In accordance with the above object, a system which is
"self-clocking" within the characters themselves has been invented.
Each character space is divided into two horizontal tracks, upper
half and lower half, each with three vertical mark zones for a
total of six possible code mark locations per character. Along with
the vertical mark positions, each track has two safety zones
between the vertical mark zones or positions. The characters can be
scanned from either left to right or right to left with specific
logic rules to initiate clock timing and end-of-character logic
which will be explained in detail. A character is deemed to begin
on the detection of the first mark in either the upper or lower
track which is normally present in the first zone scanned or on
detection of horizontal marks. The remaining safety zones and mark
zones are determined by a timing means related to the speed of scan
and self-adjusting on the basis of the vertical marks as actually
received.
BRIEF DESCRIPTION OF THE DRAWINGS
FIG. 1 shows a character space divided into vertical zones and
upper and lower tracks and shows the position of the scan
tracks;
FIG. 2 shows the character set and corresponding code; and
FIG. 3 shows a block schematic of the reading system.
DESCRIPTION OF THE PREFERRED EMBODIMENT
With reference to FIG. 1, a character space is shown which is
divided into an upper and lower half. Scan tracks extend
horizontally across the character space with sensors P1 through P5
positioned to scan specific portions of the characters which must
be positioned vertically in alignment with the scan tracks as
shown.
Each character space is divided into vertical mark zones and safety
zones as shown with the mark zones being Z1, Z3, and Z5 and the
safety zones, Z2 and Z4. The mark zones are made reasonably wide
for ease in hand printing. Marks are not permitted in the safety
zones Z2 and Z4 to prevent erroneous encoding of characters. The
character may be scanned from either left to right or right to left
with specific logical rules to initiate clock timing and
end-of-character logic referred to below. A character is deemed to
begin on the detection of the first vertical marks in either the
upper or lower track or by a signal from the character present
logic as will be explained. The remaining safety zones and binary
bit mark locations are determined by a timing means related to the
speed of scan and self-adjusting on the basis of the vertical marks
as actually received.
Character present amplifiers and logic 10 shown in FIG. 3 normally
receive information from sensors P1, P3 and P5 scanning the
horizontal lines or tips of vertical lines of the character at the
top, center and bottom. The characer present logic level C becomes
true when the information signal in one or more of these channels
rises above a suitable level for longer than a minimum time or a
vertical data mark is sensed in either of the channels where
sensors P2 or P4 are shown. These events may occur concurrently.

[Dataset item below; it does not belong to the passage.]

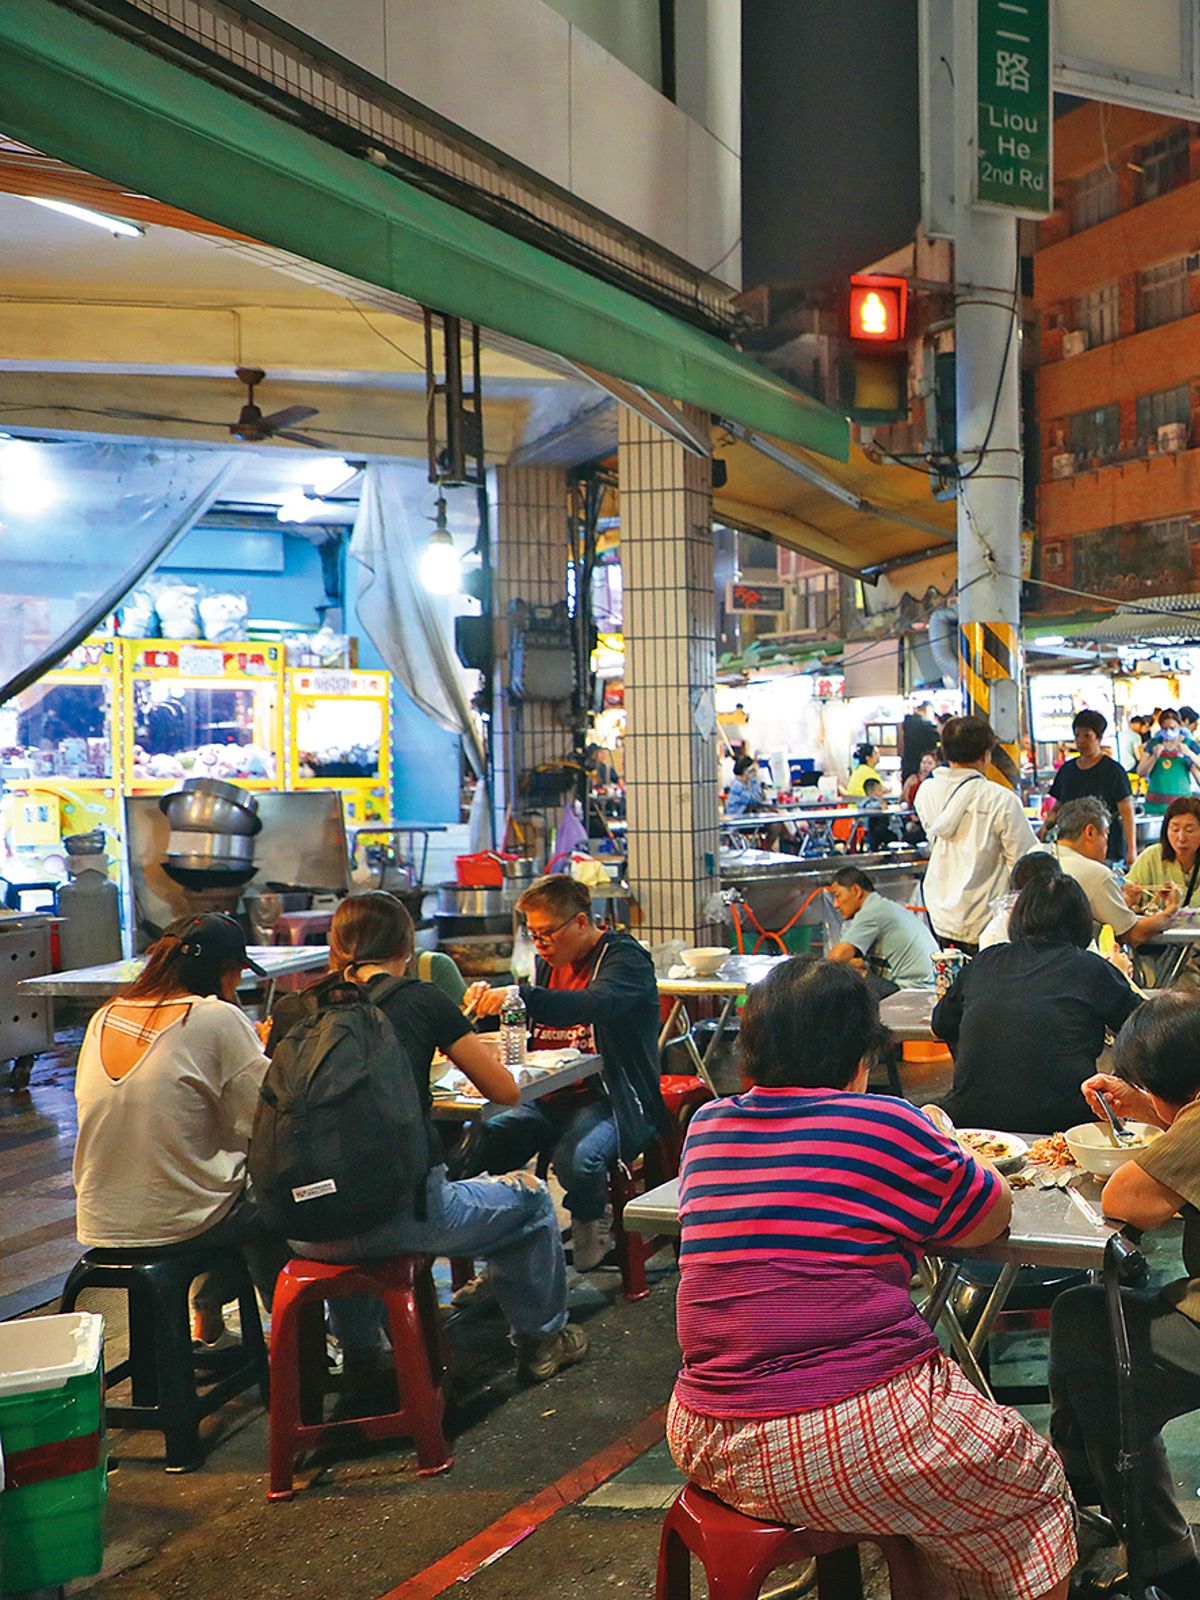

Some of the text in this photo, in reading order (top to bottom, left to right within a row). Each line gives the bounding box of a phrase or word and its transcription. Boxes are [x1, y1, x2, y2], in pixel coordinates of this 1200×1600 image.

[996, 2, 1031, 94] 二路
[988, 106, 1038, 133] Liou
[998, 135, 1031, 160] He
[981, 161, 1044, 191] 2nd Rd

The character present signal will be reset false on the fall of the
composite signal from P1, P3 and P5.
Since P1, P3 and P5 function to give a character present signal
when a mark or marks are contacted, it is possible to employ only
one sensor instead of the three. This may be a photocell or other
type sensor known to the optical scanning art. For example fiber
optics or other light pipes may be used to branch out from the
single photocell detector to the three scanning positions where,
P1, P3 and P5 are shown at the top, center and bottom of the
character space (FIG. 1 and FIG. 3). Photocells or other known
sensing means may also be used for sensors P2 and P4, the primary
function of which is to detect vertical lines for character
recognition purposes. Solid state integrated circuit techniques may
also be used for scanning and the sensors may comprise a solid
state self-scanning vertical column photocell array.

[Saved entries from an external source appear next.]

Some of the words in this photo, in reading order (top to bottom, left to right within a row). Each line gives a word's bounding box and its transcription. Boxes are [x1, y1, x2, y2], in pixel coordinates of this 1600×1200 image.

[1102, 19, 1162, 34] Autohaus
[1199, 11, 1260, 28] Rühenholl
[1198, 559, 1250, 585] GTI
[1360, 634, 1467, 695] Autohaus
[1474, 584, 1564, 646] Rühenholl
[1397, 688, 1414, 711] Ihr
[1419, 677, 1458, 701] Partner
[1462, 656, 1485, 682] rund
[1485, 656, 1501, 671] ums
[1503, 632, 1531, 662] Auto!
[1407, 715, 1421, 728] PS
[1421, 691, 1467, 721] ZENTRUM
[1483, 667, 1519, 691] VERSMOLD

While optical character reading is described throughout the
specification, it should be clearly understood that mechanical
sensing techniques, where for example the encoding elements
comprise embossing or punched hole markings arranged in geometric
patterns and magnetic and inking techniques, may be used as
well.
The clock timing generator 12 is activated by the receipt of
information from the character present amplifiers 10 and/or data
amplifiers 14, 16 to initiate the timing pulses which shift data
properly into the character code storage register D1 to D3 and D4
to D6 (17) and to indicate an error condition if data is received
during scanning of the safety zones.
Timing pulses T1 to T5 which start when a character is detected
will usually coincide with zones Z1 to Z5, since the first detected
mark occurs typically in the center of Z1 and T1. The end of
character logic 18 is utilized to set the output code register 20
after all the appropriate data for a character is received and to
reset the input data register 17 as well as other control circuits
in preparation for the next character.
With reference again to FIG. 3, the input data registers 17
comprise two three-section shift registers, D1 to D3 and D4 to D6,
as mentioned earlier. D1 to D3 is for the upper half -- character
data marks coming from P2 and D4 to D6 is for the lower half --
character data marks coming from P4. Data is shifted in each
section at the end of T1 and T3. Normally at the end of T5 an
end-of-character pulse would cause code parity to be checked and
the code converted into the output code register with the
appropriate code for future processing. The error logic 22 includes
such things as parity check for an even number of code marks for
the character, the receipt of data during safety zones T2 and T4
and the total absence of data marks from either P2 or P4 during a
character present time interval. These error functions serve to
indicate faulty or poor printing of the characters and/or a failure
of components or wiring in the circuitry, both necessary for
improved reliability in modern data systems.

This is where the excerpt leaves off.